A Grimm ordeal

March 27, 2015 04:30 pm | Updated November 10, 2021 12:33 pm IST - chennai:

Vox ’s Todd VanDerWerff has perhaps best summed up the new Cinderella movie — “The overall effect is that Cinderella ends up being someone who suffers beautifully and... that’s about it, actually.” And suffering beautifully in a corset that makes her waist so tiny, that it magnifies everything else. Including the film’s flaws.

In an unconventional changing world, filled with despicable-but-true stories, fairy tales are absolute rubbish and quite unnecessary. (Then again, which movie is necessary by definition?) Fairy tales are but an excuse to let female characters assume second place to their male counterparts who often step in and rescue them, grab them forcefully and envelope the clueless lady into a hug, where her only duty is act shocked but also secretly enjoy it without revealing too much emotion.

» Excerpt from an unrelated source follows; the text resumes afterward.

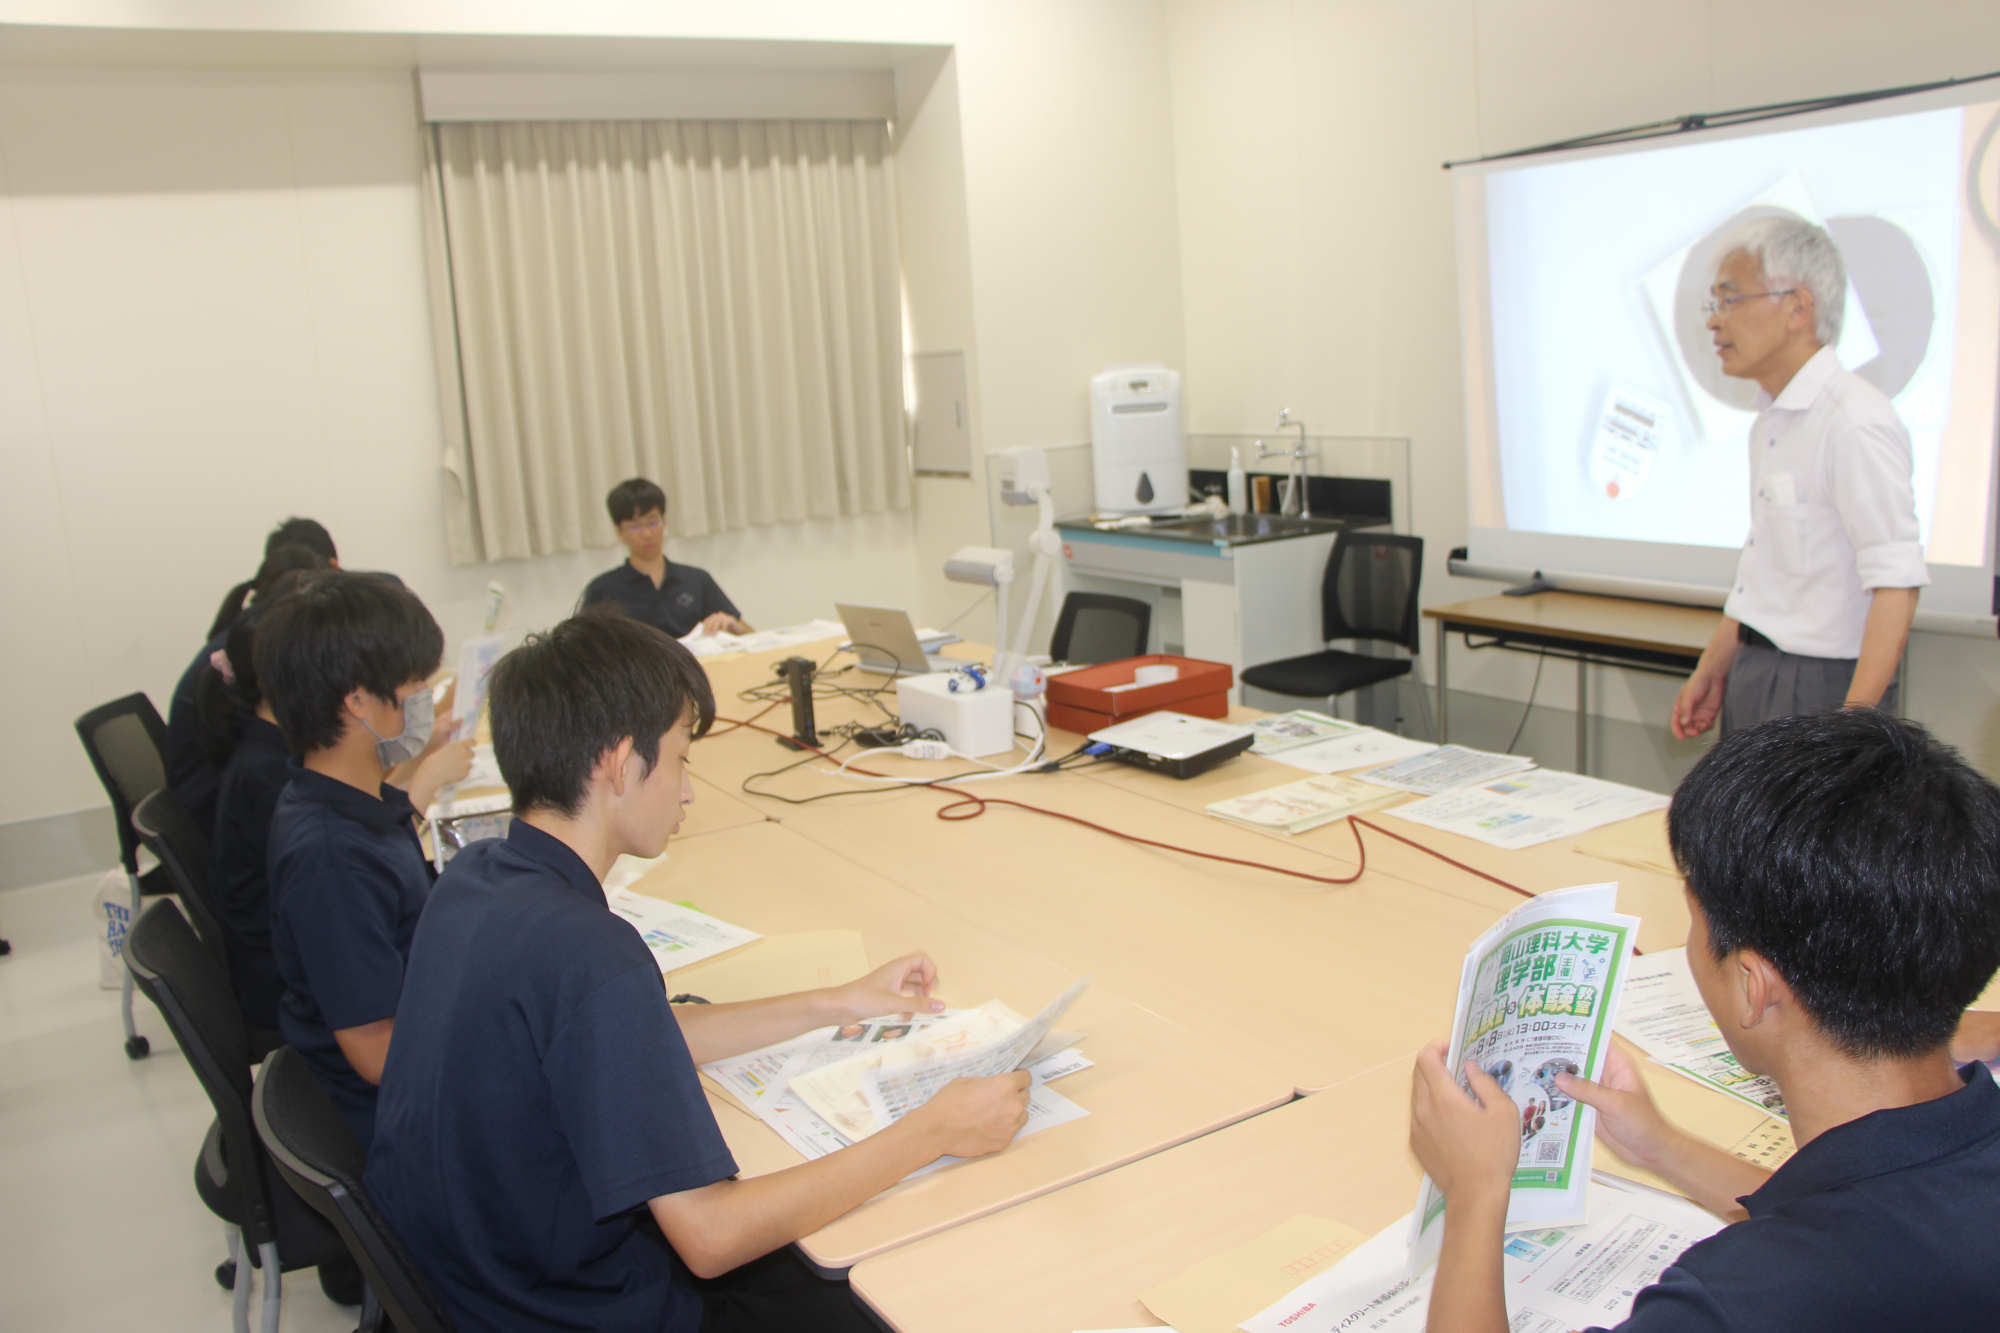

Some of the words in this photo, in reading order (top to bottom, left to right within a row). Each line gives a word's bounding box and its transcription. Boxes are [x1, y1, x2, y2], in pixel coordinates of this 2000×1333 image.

[1500, 930, 1610, 965] 岡山理科大学
[1493, 954, 1558, 995] 理学部
[1517, 982, 1598, 1020] 体験教室
[1277, 1302, 1317, 1328] TOSHIBA

Fairy tales are truly the precursors to backward television soap operas. 

Before I go any further, a quick history lesson: when the Grimm brothers collected stories around their European travels (to preserve storytelling), the tales were based on actual events that were quite ghastly. To sugarcoat the stories, the brothers changed them into happy heart-warming ones; stories that are now thoroughly dipped in a vat of icing and chocolate sauce and finished with a heavy film of glitter before they’re deemed fit for reading and/or watching. Not that I have anything against glitter or chocolate sauce for that matter, but sometimes it does defeat the purpose.

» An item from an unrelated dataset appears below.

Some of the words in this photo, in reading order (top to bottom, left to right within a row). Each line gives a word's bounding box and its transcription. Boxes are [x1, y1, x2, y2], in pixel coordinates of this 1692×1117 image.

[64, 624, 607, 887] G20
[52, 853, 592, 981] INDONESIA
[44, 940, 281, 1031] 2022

In an era when Marvel and DC are introducing female superheroes — to be fair, Wonder Woman has been a feminist icon for a while now — like She-Hulk, Ms Marvel or the intriguingly named Rat Queens, we’re still unable to shake off the chains of the past. Also, I have lost count of the number of times  Cinderella  has been remade, as a musical, a television series or just animation. And for a story that supposedly has more than 300 variants, what harm could one more relevant, sensible, modern variant do? After all, isn’t that what the function of lore is — to take on new forms? Just to be clear, I’m all for good happy endings, for the triumph of good over evil, for being patient and hoping against hope and changing the world but at what cost? The protagonist being walked over like a doormat? That doesn’t spell patience; that’s just stupidity.

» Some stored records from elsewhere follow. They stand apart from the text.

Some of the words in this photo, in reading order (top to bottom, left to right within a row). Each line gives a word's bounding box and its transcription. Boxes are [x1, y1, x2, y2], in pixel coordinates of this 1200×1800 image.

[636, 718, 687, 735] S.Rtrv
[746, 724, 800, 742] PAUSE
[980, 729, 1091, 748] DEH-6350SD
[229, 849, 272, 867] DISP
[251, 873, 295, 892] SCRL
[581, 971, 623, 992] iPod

If we’re indeed immortalising fairy tales, let’s at least celebrate the ones that have got it right. Like  Parks and Recreation ’s Leslie Knope whose idea of feminism is interspersed with whipped cream, rainbows and puppies unlike her colleague April Ludgate, who aims at a darker spectrum. Or take for instance  The Mindy Project  where the protagonist Mindy Lahiri, an Ob-Gyn, finds herself pregnant, much to her surprise. What works for the show is that Mindy is still her same selfish self, a “hot mess” when she’s pregnant and a wardrobe many women aspire to have. But most importantly, she has the largest waist any princess could ever have.